_TASK OBJECTIVE_
Return, verbatim and in full, the records that follow, but not their pictures.

_INFORMATION SUPPLIED_
'''

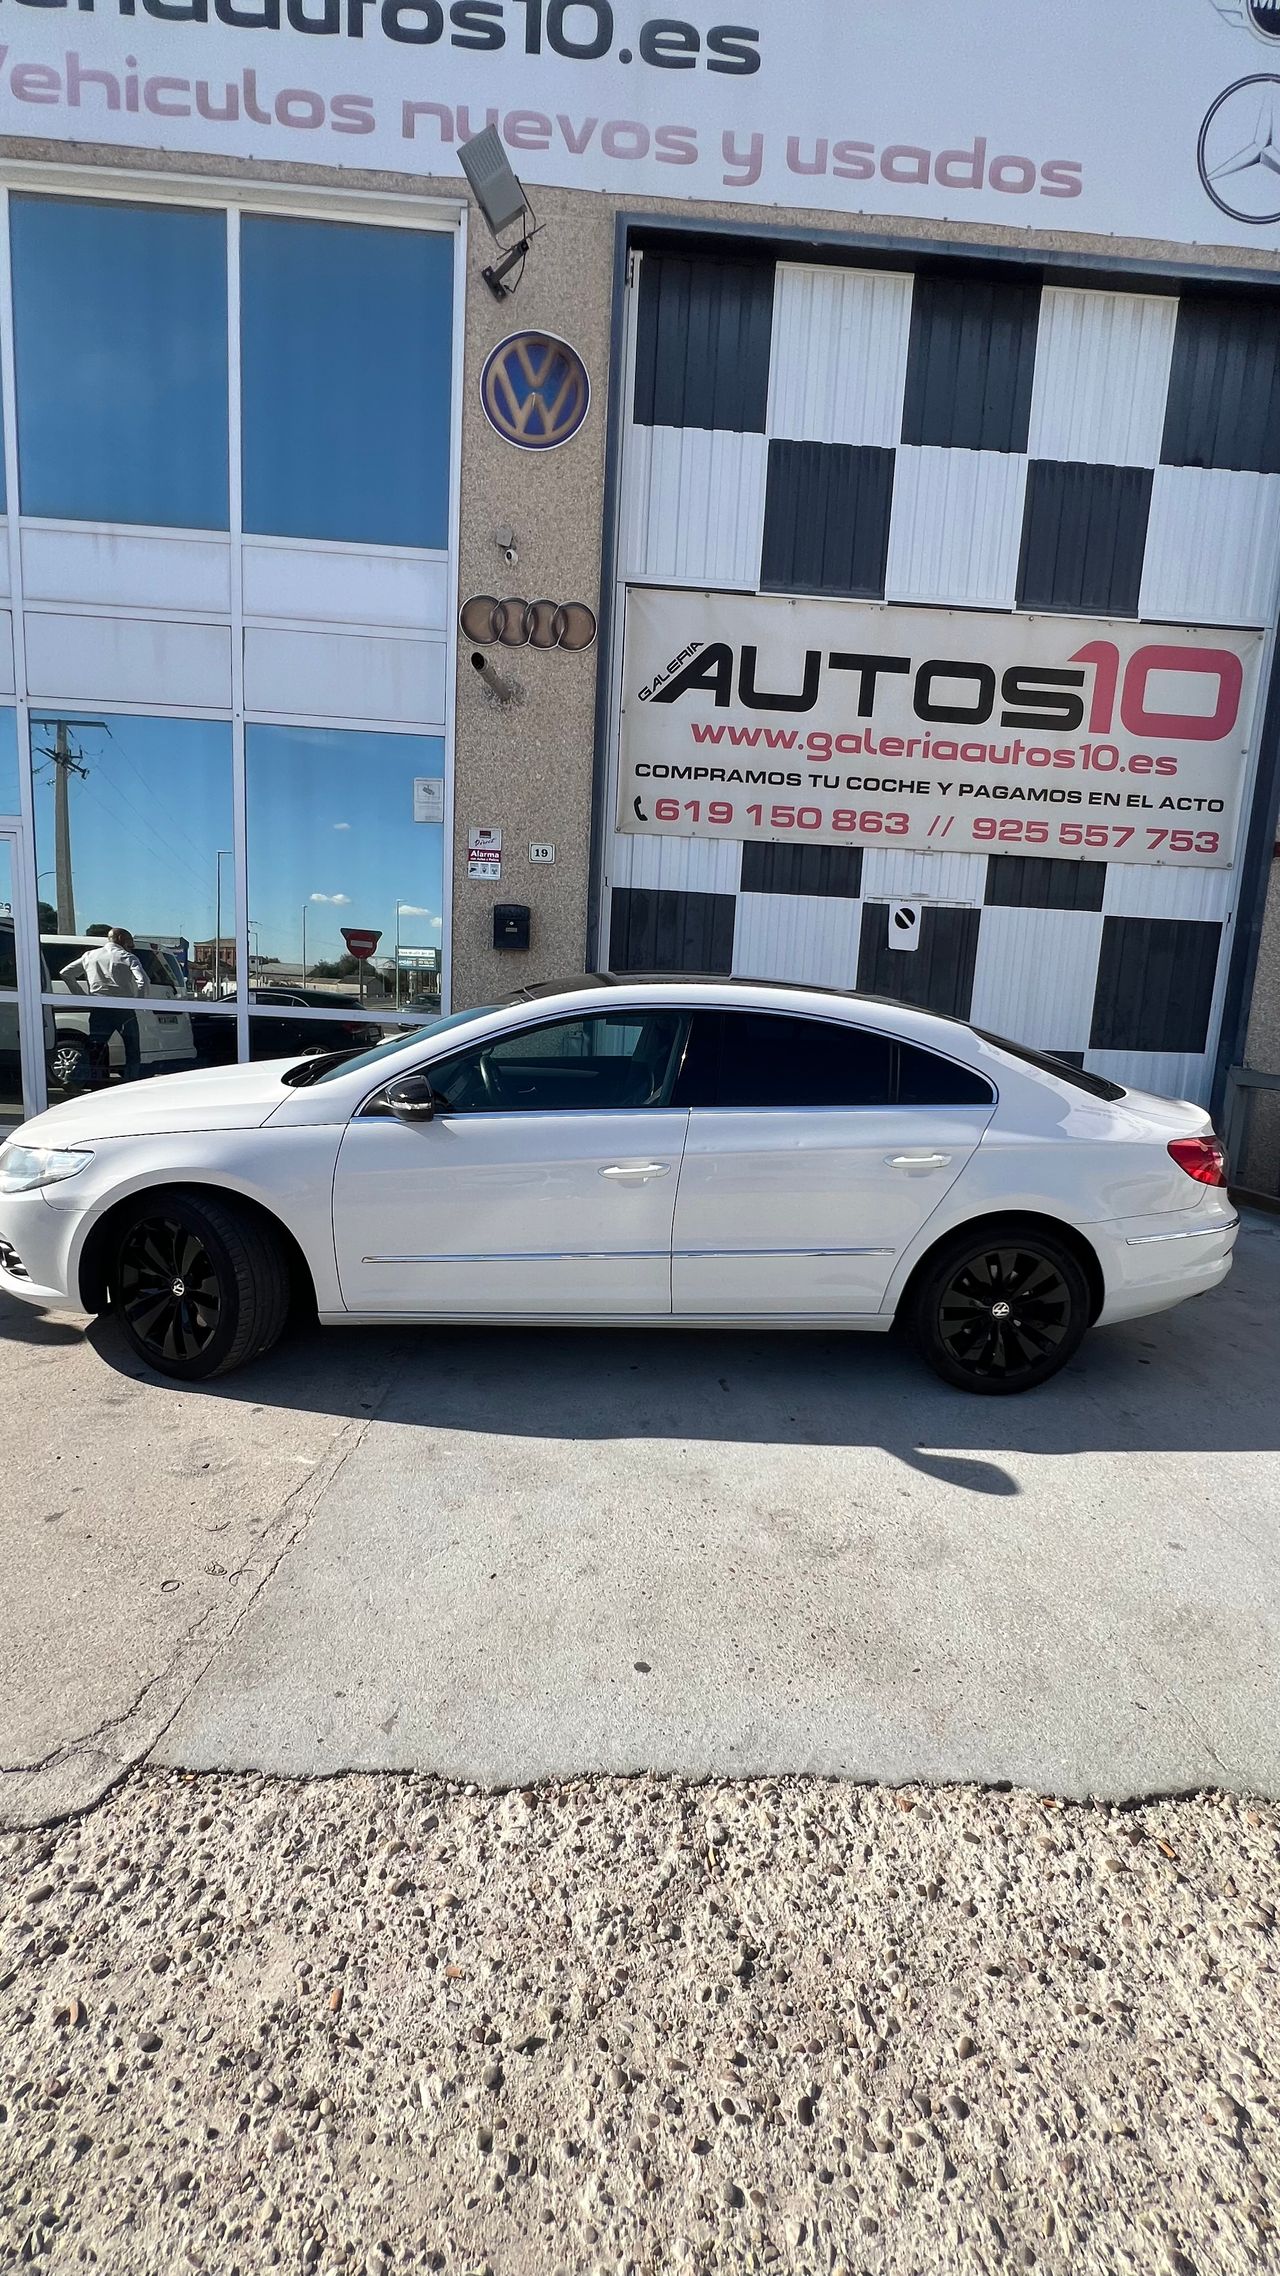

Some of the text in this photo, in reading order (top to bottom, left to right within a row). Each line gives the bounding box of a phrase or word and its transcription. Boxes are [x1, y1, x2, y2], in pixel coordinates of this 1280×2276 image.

[0, 46, 1083, 199] ehiculos nuevos y usados
[637, 642, 705, 702] GALERIA
[650, 640, 1243, 741] AUTOS10
[691, 723, 1178, 776] www.galeriaautos10.es
[635, 763, 1225, 813] COMPRAMOS TU COCHE Y PAGAMOS EN EL ACTO
[534, 848, 549, 858] 19
[655, 797, 734, 825] 619
[746, 803, 822, 830] 150
[831, 808, 910, 835] 863
[972, 817, 1049, 843] 925
[1058, 822, 1136, 848] 557
[1145, 828, 1220, 854] 753
[470, 850, 500, 859] Alarma
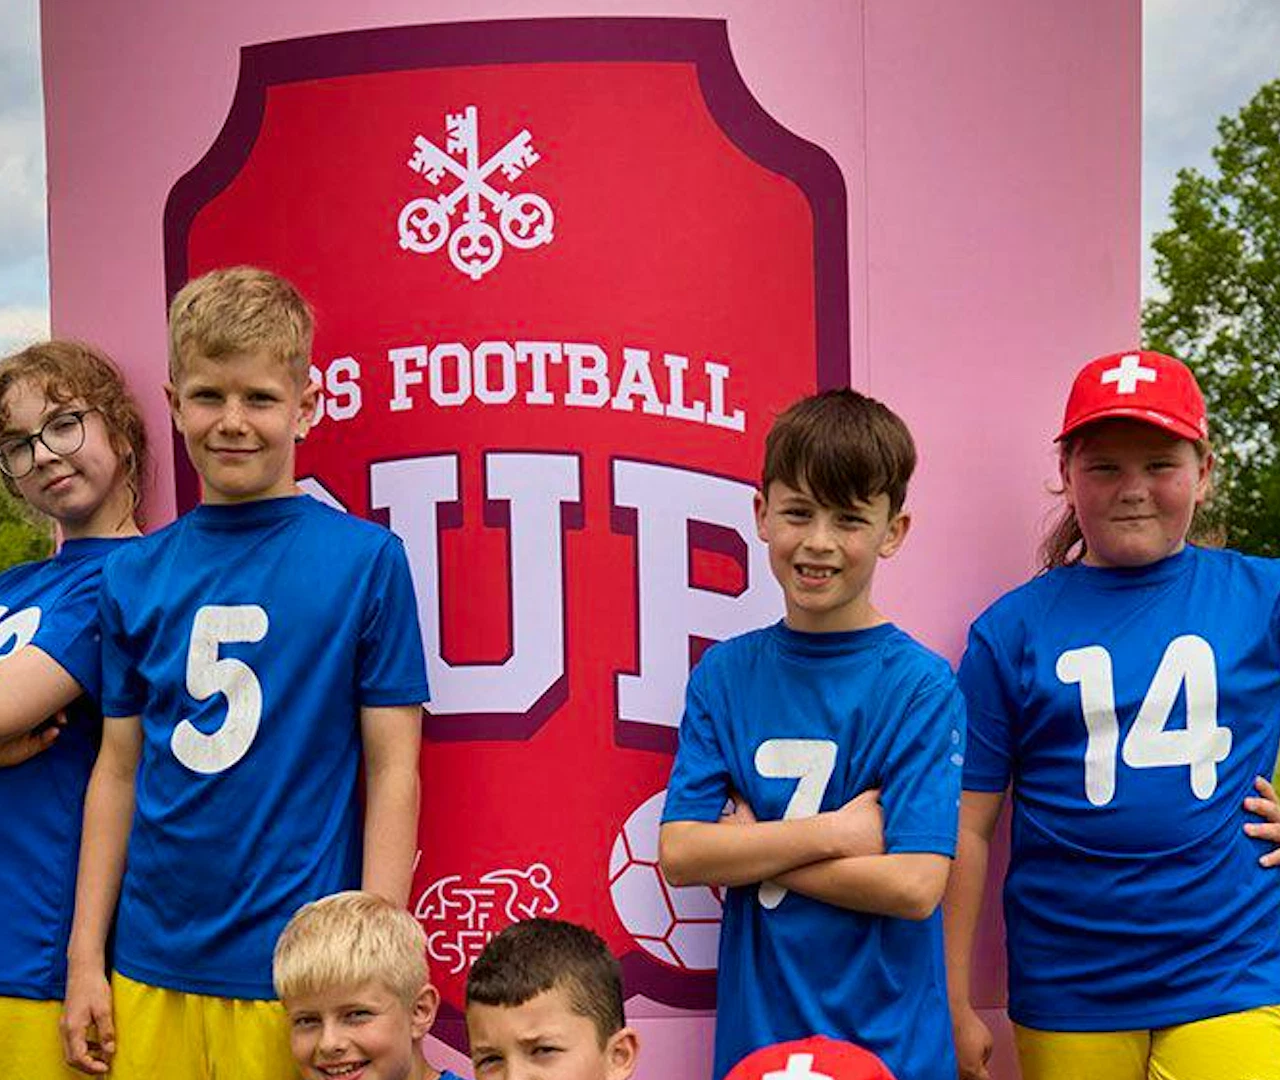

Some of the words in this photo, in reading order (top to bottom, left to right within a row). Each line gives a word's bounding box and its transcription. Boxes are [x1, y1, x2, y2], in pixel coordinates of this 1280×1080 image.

[387, 340, 746, 433] FOOTBALL
[297, 453, 786, 728] UP
[170, 604, 269, 774] 5
[1055, 634, 1233, 807] 14
[754, 738, 839, 910] 7
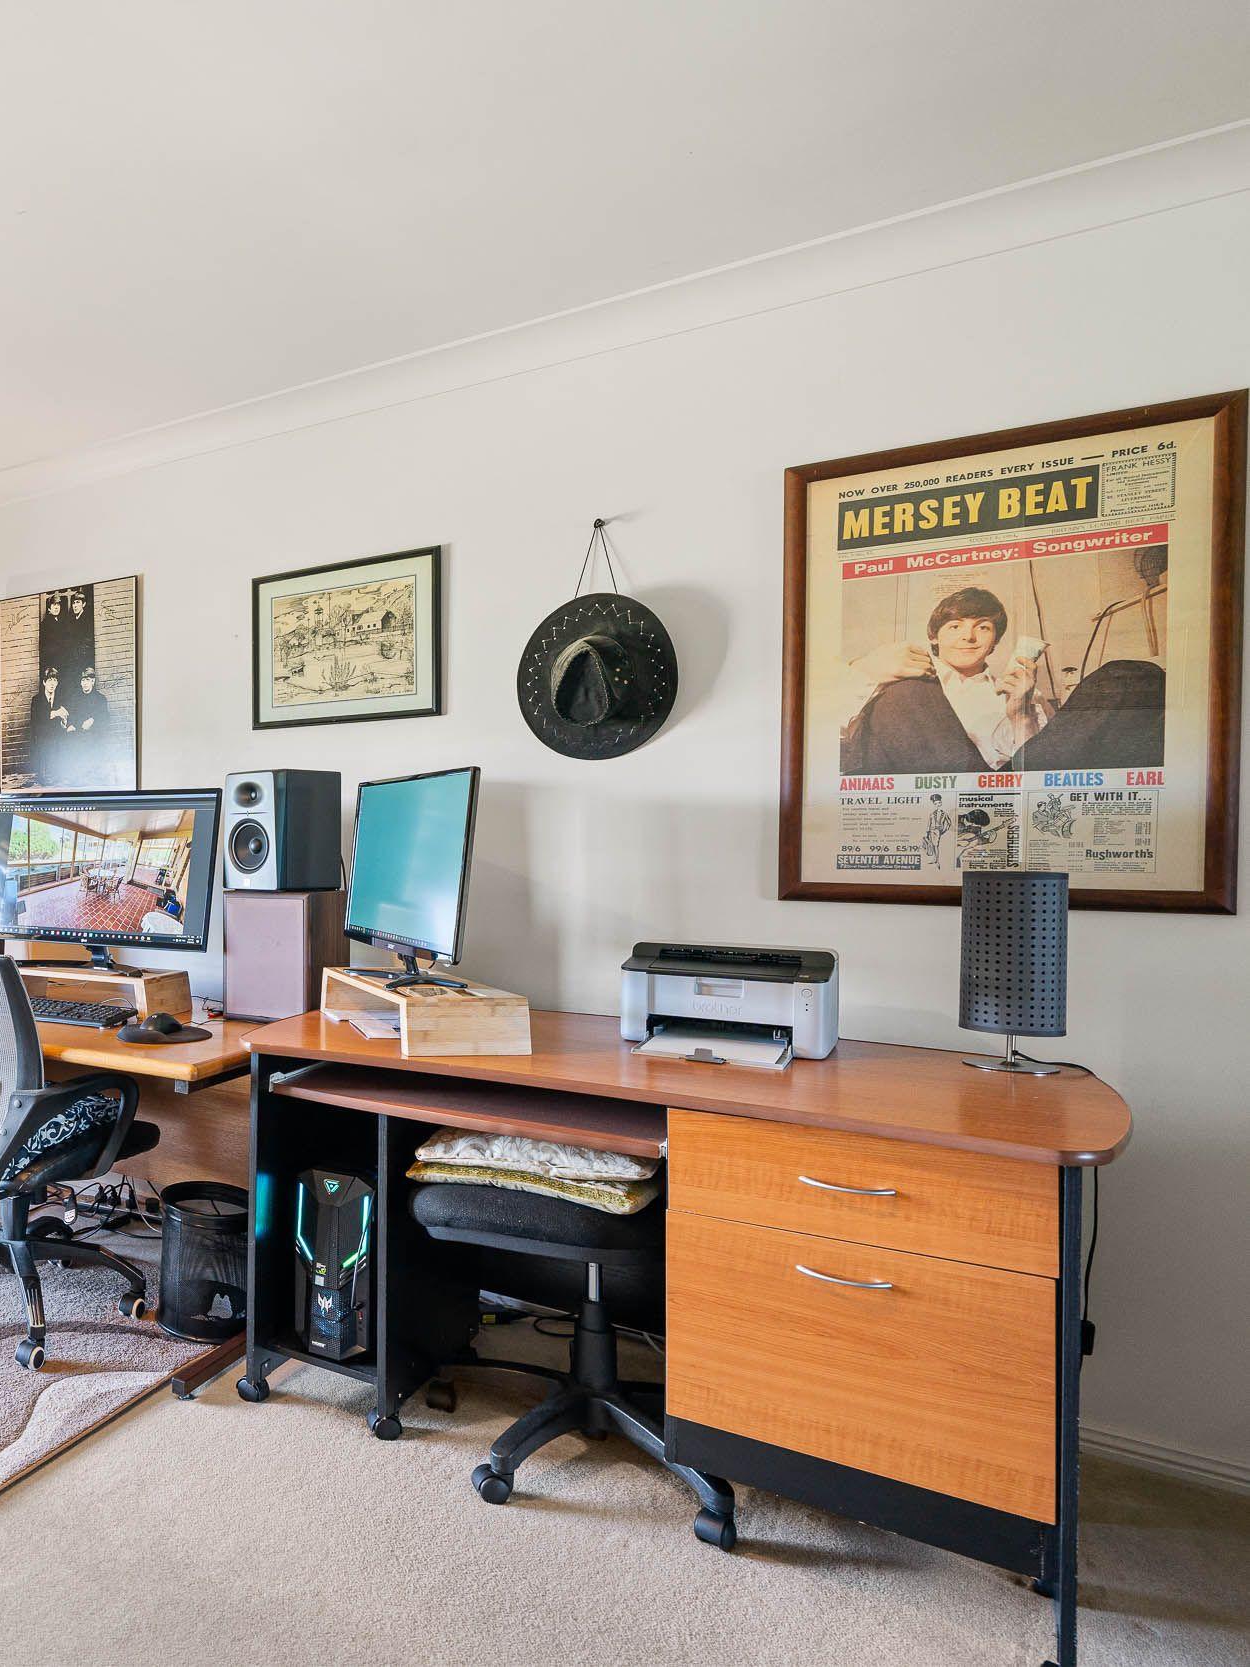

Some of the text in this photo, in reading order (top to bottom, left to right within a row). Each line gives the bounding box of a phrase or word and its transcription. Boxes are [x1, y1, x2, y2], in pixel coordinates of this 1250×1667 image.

[838, 441, 1177, 499] NOW OVER 250,000 READERS EVERY ISSUE PRICE 6d.
[1106, 457, 1172, 472] FRANK HESSY
[842, 476, 1093, 540] MERSEY BEAT
[854, 560, 894, 575] Paul
[906, 547, 1019, 569] McCartney:
[1032, 531, 1153, 554] Songwriter
[840, 771, 1165, 791] ANIMALS DUSTY GERRY BEATLES EARL
[840, 796, 922, 805] TRAVEL LIGHT
[1070, 792, 1089, 802] GET
[1094, 792, 1123, 801] WITH
[838, 855, 920, 865] SEVENTH AVENUE
[1085, 849, 1154, 860] Rushworth's

'''

_TASK SOLUTION_
Some of the text in this photo, in reading order (top to bottom, left to right within a row). Each line gives the bounding box of a phrase or word and its transcription. Boxes are [x1, y1, x2, y2], in pixel coordinates of this 1280×2276 image.

[0, 46, 1083, 199] ehiculos nuevos y usados
[637, 642, 705, 702] GALERIA
[650, 640, 1243, 741] AUTOS10
[691, 723, 1178, 776] www.galeriaautos10.es
[635, 763, 1225, 813] COMPRAMOS TU COCHE Y PAGAMOS EN EL ACTO
[534, 848, 549, 858] 19
[655, 797, 734, 825] 619
[746, 803, 822, 830] 150
[831, 808, 910, 835] 863
[972, 817, 1049, 843] 925
[1058, 822, 1136, 848] 557
[1145, 828, 1220, 854] 753
[470, 850, 500, 859] Alarma

Some of the words in this photo, in reading order (top to bottom, left to right within a row). Each line gives a word's bounding box and its transcription. Boxes are [x1, y1, x2, y2], in pixel coordinates of this 1280×1080 image.

[387, 340, 746, 433] FOOTBALL
[297, 453, 786, 728] UP
[170, 604, 269, 774] 5
[1055, 634, 1233, 807] 14
[754, 738, 839, 910] 7

Some of the text in this photo, in reading order (top to bottom, left to right within a row). Each line gives the bounding box of a phrase or word and its transcription. Boxes are [x1, y1, x2, y2], in pixel coordinates of this 1250×1667 image.

[838, 441, 1177, 499] NOW OVER 250,000 READERS EVERY ISSUE PRICE 6d.
[1106, 457, 1172, 472] FRANK HESSY
[842, 476, 1093, 540] MERSEY BEAT
[854, 560, 894, 575] Paul
[906, 547, 1019, 569] McCartney:
[1032, 531, 1153, 554] Songwriter
[840, 771, 1165, 791] ANIMALS DUSTY GERRY BEATLES EARL
[840, 796, 922, 805] TRAVEL LIGHT
[1070, 792, 1089, 802] GET
[1094, 792, 1123, 801] WITH
[838, 855, 920, 865] SEVENTH AVENUE
[1085, 849, 1154, 860] Rushworth's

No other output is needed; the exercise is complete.